Thian soltó una risita de nostalgia.
—Y hoy me disfrazo de china. Ya ves, chiquillo, tuve desde el comienzo vocación de pasma clandestino... Pero quería decirte algo más...
Thian se pasó la mano por su desguarnecido cepillo. Cada cabello volvía a erguirse enseguida, como un resorte.
—La memoria, chiquillo... Una cosa trae otra... Es la imaginación al revés... Una locura.
Pastor escuchaba, todo oídos ahora.
—Un día —dijo Thian—, o mejor dicho una noche, una noche de primavera, bajo la glicinia, delante del local (sí, teníamos una glicinia, malva) los jóvenes héroes serbocroatas de mamá estaban sentados a una mesa, bastante trompas, y uno de ellos gritó (ya no recuerdo si fue Stojilkovitch u otro):
»—Somos pobres, estamos solos, estamos desnudos, no tenemos mujeres todavía, pero acabamos de escribir una imponente página de la historia.

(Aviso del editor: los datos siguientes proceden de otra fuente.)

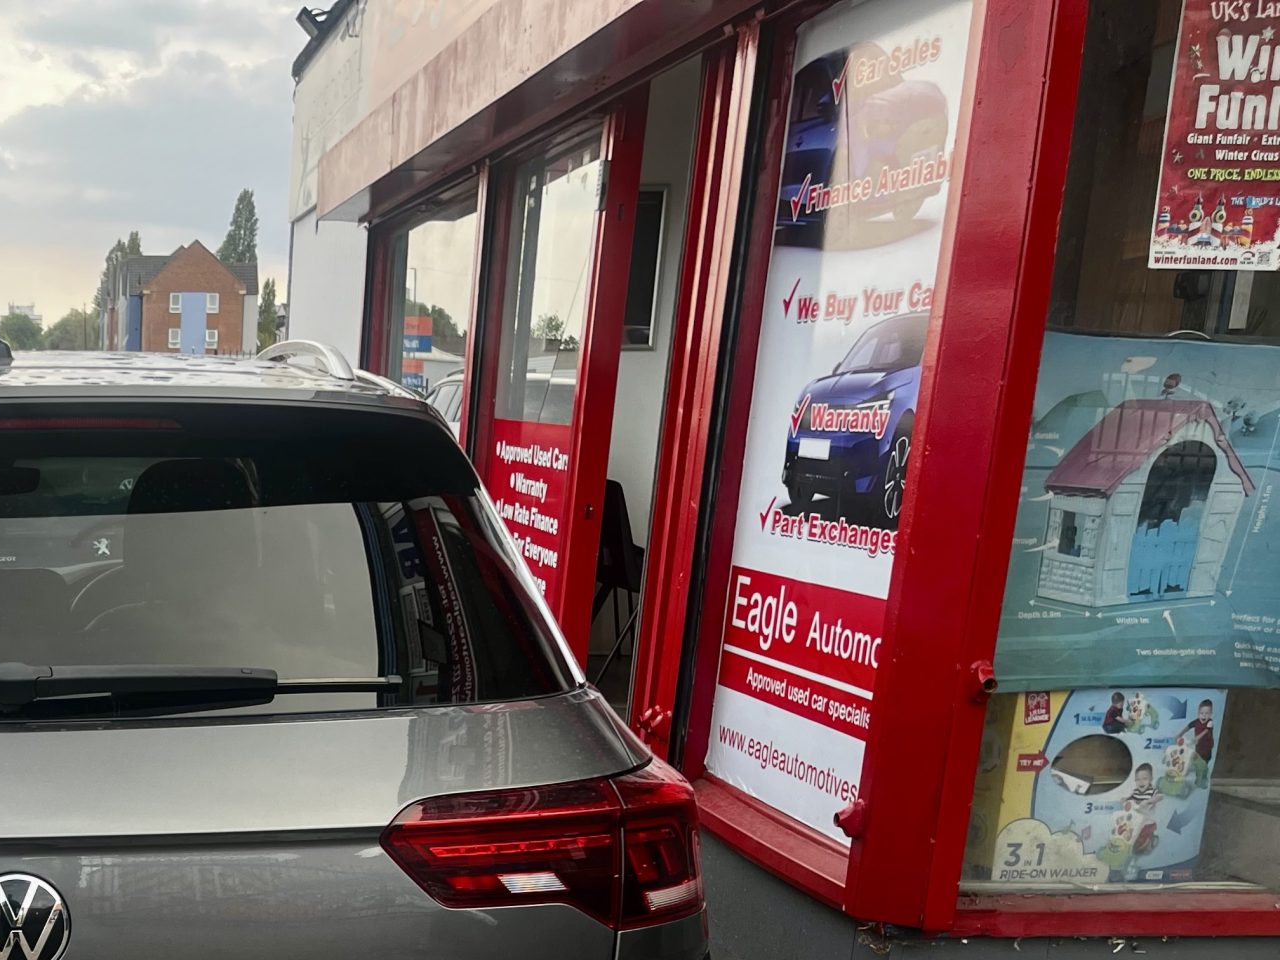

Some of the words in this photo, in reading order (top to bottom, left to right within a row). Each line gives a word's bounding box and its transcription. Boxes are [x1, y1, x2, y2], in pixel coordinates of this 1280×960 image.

[1211, 1, 1251, 21] UK's
[854, 56, 884, 88] Car
[888, 36, 942, 76] Sales
[1187, 133, 1213, 144] Giant
[1216, 133, 1250, 145] Funfair
[1215, 149, 1248, 161] Winter
[1251, 150, 1279, 161] Circus
[1187, 168, 1208, 179] ONE
[806, 177, 873, 214] Finance
[1154, 255, 1238, 266] winterfunland.com
[797, 297, 820, 323] We
[824, 294, 856, 325] Buy
[862, 288, 904, 317] Your
[811, 403, 890, 440] Warranty
[500, 440, 533, 465] Approved
[533, 445, 551, 467] Used
[515, 472, 547, 503] Warranty
[500, 498, 514, 521] Low
[514, 502, 529, 526] Rate
[529, 506, 558, 535] Finance
[771, 508, 805, 539] Part
[524, 537, 558, 568] Everyone
[732, 574, 798, 651] Eagle
[1116, 616, 1139, 625] Width
[746, 667, 787, 698] Approved
[787, 683, 810, 706] used
[811, 693, 827, 712] car
[1144, 738, 1152, 750] 2
[1084, 802, 1093, 814] 3
[1004, 843, 1022, 867] 3
[1023, 859, 1032, 867] IN
[1035, 843, 1045, 867] 1
[999, 868, 1047, 880] RIDE-ON
[1050, 867, 1097, 879] WALKER
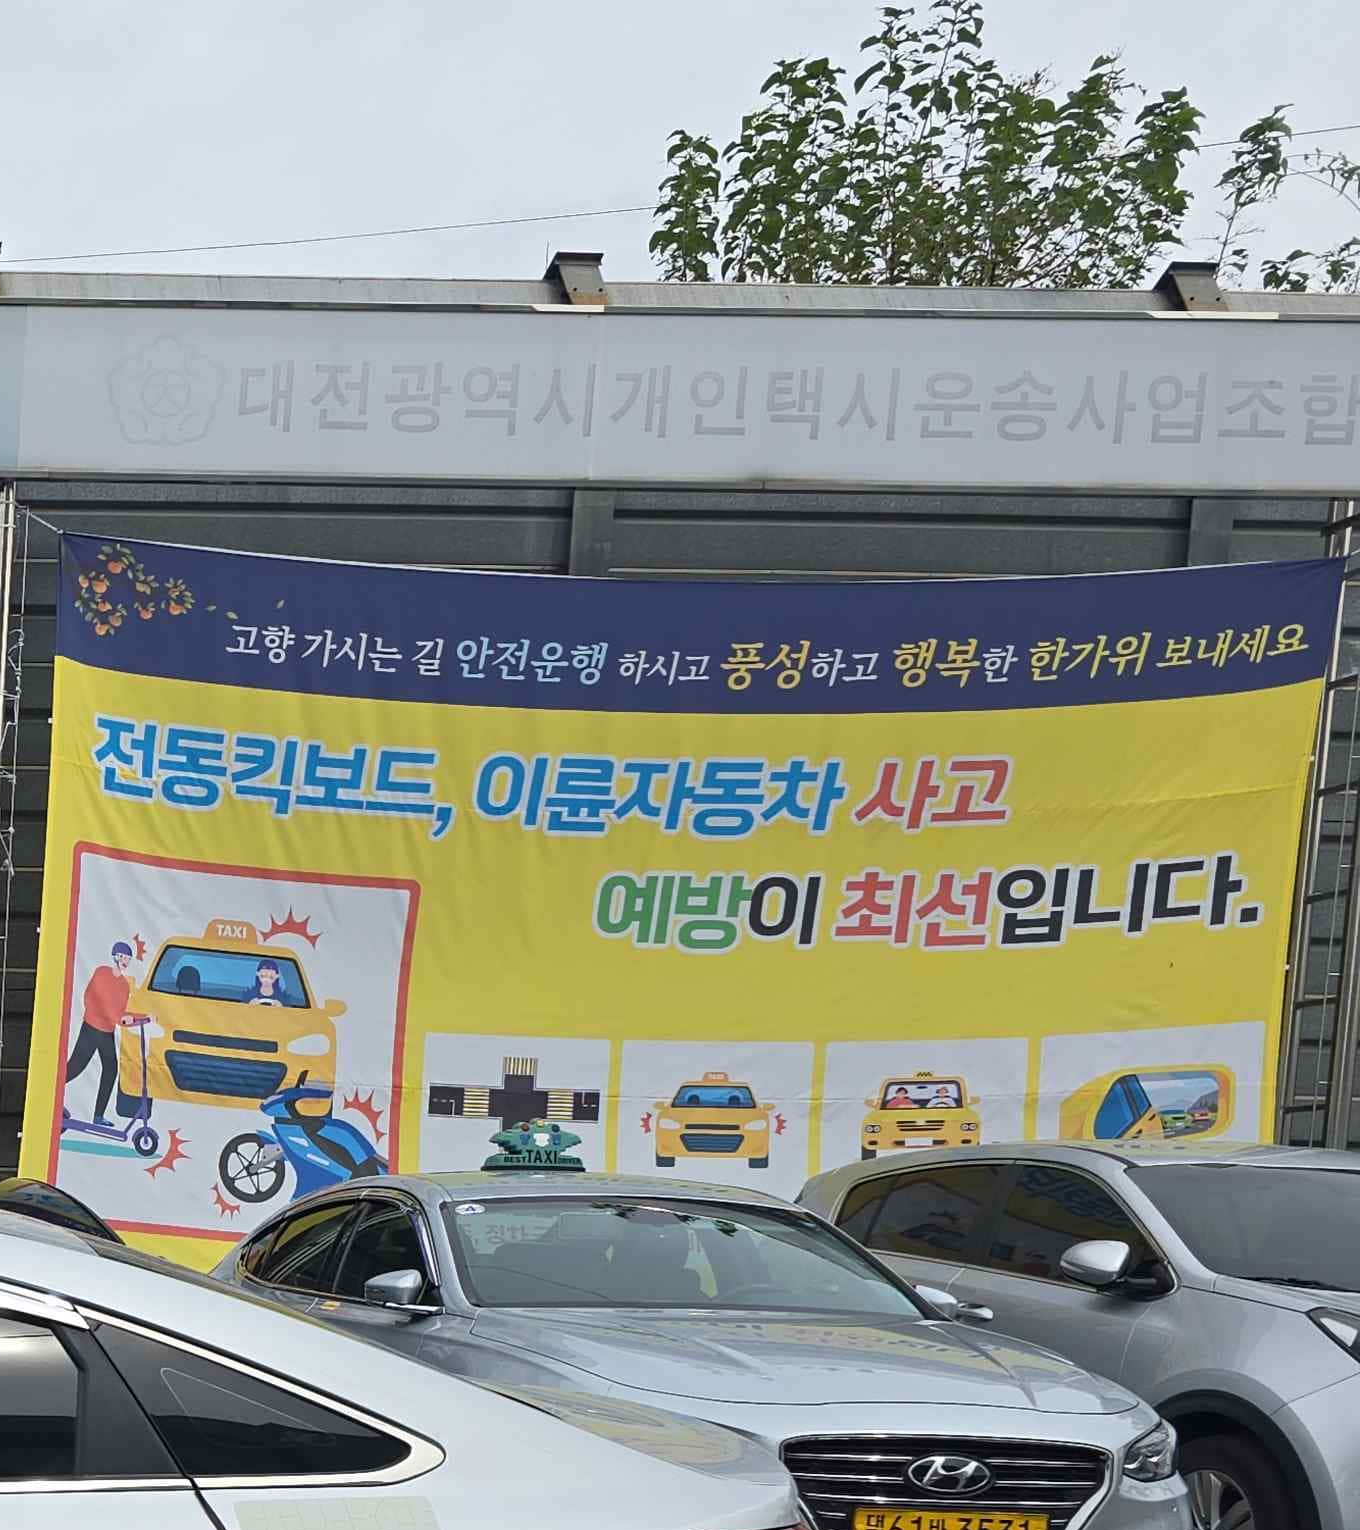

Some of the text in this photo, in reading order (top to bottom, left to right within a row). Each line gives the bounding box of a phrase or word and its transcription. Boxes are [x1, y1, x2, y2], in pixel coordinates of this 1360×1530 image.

[238, 359, 1360, 447] 대전광역시개인택시운송사업조합
[226, 623, 1310, 690] 고향 가시는 길 안전운행 하시고 풍성하고 행복한 한가위 보내세요
[93, 715, 1010, 839] 전동킥보드, 이륜자동차 사고
[215, 924, 247, 939] TAXI
[596, 856, 1260, 950] 예방이 최선입니다.
[527, 1150, 557, 1164] TAXI

«Entonces pasa un tipo alto, muy erguido, vestido de blanco, que se detiene en su mesa y suelta esta frase:
»—Escribir la Historia es dejar la Geografía hecha un lío.

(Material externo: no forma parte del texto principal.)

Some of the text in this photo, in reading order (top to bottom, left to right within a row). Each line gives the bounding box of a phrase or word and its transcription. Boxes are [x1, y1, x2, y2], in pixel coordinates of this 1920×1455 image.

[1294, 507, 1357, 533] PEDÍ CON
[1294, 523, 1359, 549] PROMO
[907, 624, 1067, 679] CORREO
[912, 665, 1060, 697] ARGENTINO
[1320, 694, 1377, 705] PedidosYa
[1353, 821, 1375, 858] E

»Era un cliente de mi padre. Iba a fumar todos los días a la misma hora. A mi padre lo llamaba, afectuosamente, su "droguero". Decía: "Este viejo mundo reumático necesitará, cada vez más, sus drogas, Thian...". ¿Y sabes quién era el tipo, chiquillo?
Pastor negó con la cabeza.
—Corrençon. El gobernador colonial Corrençon. El padre de tu pequeña Corrençon que juega a la bella durmiente del bosque en el hospital Saint-Louis. Era él. Lo había olvidado por completo. Pero me parece verlo ahora, muy derecho en su silla, escuchando a mi madre que le vaticinaba el fin de la Indochina francesa, y luego el de Argelia, y le oigo responder:
»—Tiene usted mucha razón, Louise: la geografía recuperará sus derechos.

 

La botella de bourbon estaba vacía, ahora, ante el inspector Van Thian. Inclinaba la cabeza, de derecha a izquierda, interminablemente, como ante una idea imposible.

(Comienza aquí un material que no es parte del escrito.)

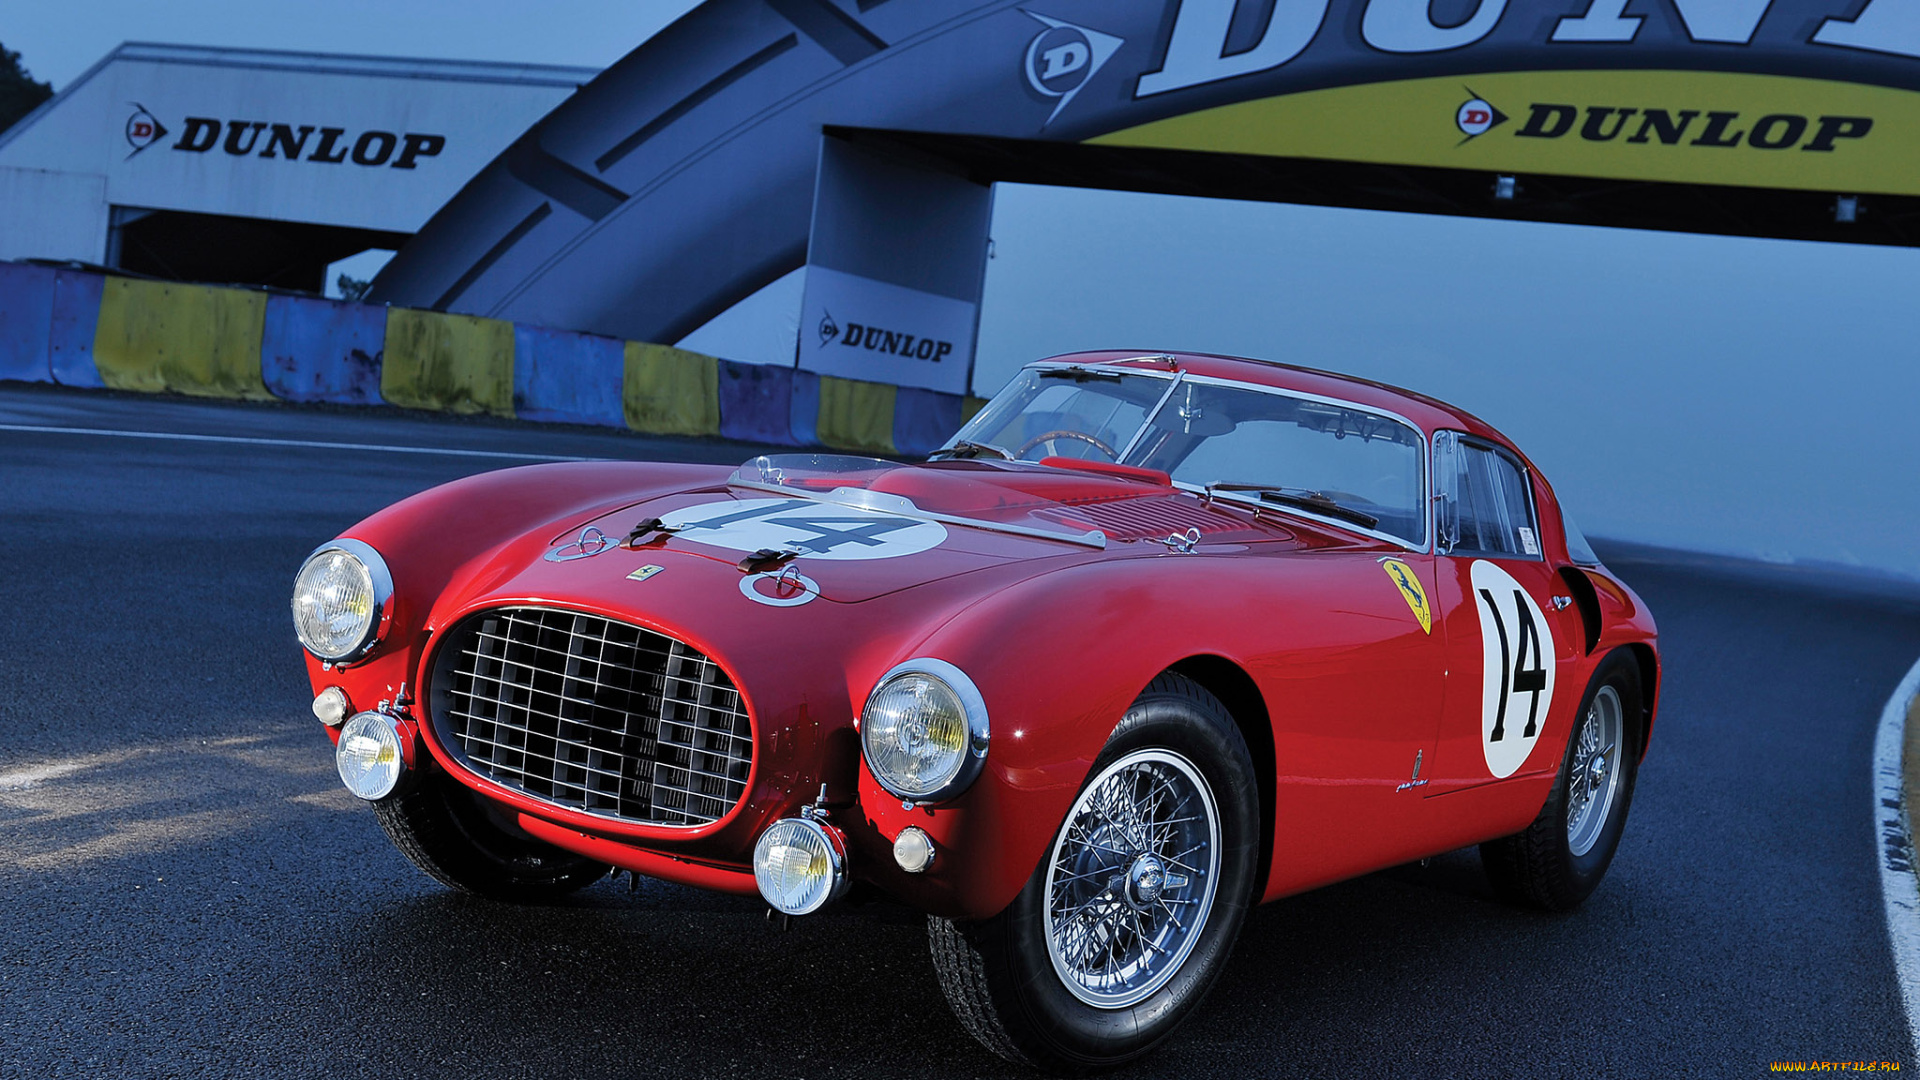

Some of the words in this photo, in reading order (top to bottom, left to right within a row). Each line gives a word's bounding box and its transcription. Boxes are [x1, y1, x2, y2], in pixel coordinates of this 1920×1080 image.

[1042, 41, 1089, 80] D
[131, 122, 153, 138] D
[172, 116, 446, 169] DUNLOP
[1462, 110, 1490, 125] D
[1514, 103, 1874, 152] DUNLOP
[841, 323, 953, 362] DUNLOP
[681, 499, 927, 553] 14
[1478, 588, 1547, 743] 14

—He subido a ese autobús, chiquillo, para echarle mano al yugoslavo Stojilkovitch, convencido de que tenía a mi degollador de viejas o, al menos, a su cómplice, y resulta que me resucita a mi madre en todo su esplendor y a mi padre en toda su sabiduría...
Tras un largo silencio, añadió:
—Y sin embargo, como buenos pasmas que somos, tendremos que llevarlos al talego.
—¿Por qué? —preguntó Pastor.

 

—Y ahora, muchachas, ¿qué vamos a hacer ahora?
El viejo Stojilkovitch no hacía una pregunta, lanzaba un grito, una exclamación ritual, al estilo del más marchoso de los locutores juveniles. Y, al unísono, todas las ancianas respondieron:
—¡RESISTENCIA ACTIVA A LA ETERNIDAD!
Stojilkovitch acababa de estacionar el autobús en los alrededores de Montrouge, junto al pequeño cinturón de ronda, cerca de una estación abandonada. Era uno de esos lugares perdidos de los confines de París, donde lo que ha muerto no ha sido todavía aniquilado por lo que va a nacer. La estación había perdido, desde hacía mucho tiempo, sus puertas y sus contraventanas, los abrojos crecían entre sus raíles, el techo se había derrumbado sobre las desportilladas baldosas, pintadas de todo tipo contaban la vida en sus paredes, pero sin embargo no había perdido ese aire de optimismo de las estaciones que no pueden creer en la muerte del tren. Las viejas lanzaban gritos de júbilo, como niños que recuperasen el parque público de sus domingos. Daban saltitos de gozo y los desechos crujían bajo sus suelas de crepé. Una de ellas se quedó de guardia junto a la puerta mientras Stojilkovitch levantaba una trampilla oculta por el carcomido estrado que, en una exigua estancia de ventanas muy altas, debía de elevar la mesa del jefe de estación para que pudiera ver los andenes. La viuda Ho, siguiendo tímidamente el movimiento, se metió tras las demás ancianas en el foso que la trampilla escondía. Era un pozo circular donde se habían fijado unos peldaños metálicos. La anciana que precedía a la viuda Ho (llevaba un gran capazo y un audífono oculto detrás de su oreja derecha) la tranquilizó diciéndole que la avisaría cuando llegaran al último escalón. La viuda Ho creyó que estaba introduciéndose en sí misma. Estaba oscuro. La viuda Ho se dijo que su más allá era húmedo.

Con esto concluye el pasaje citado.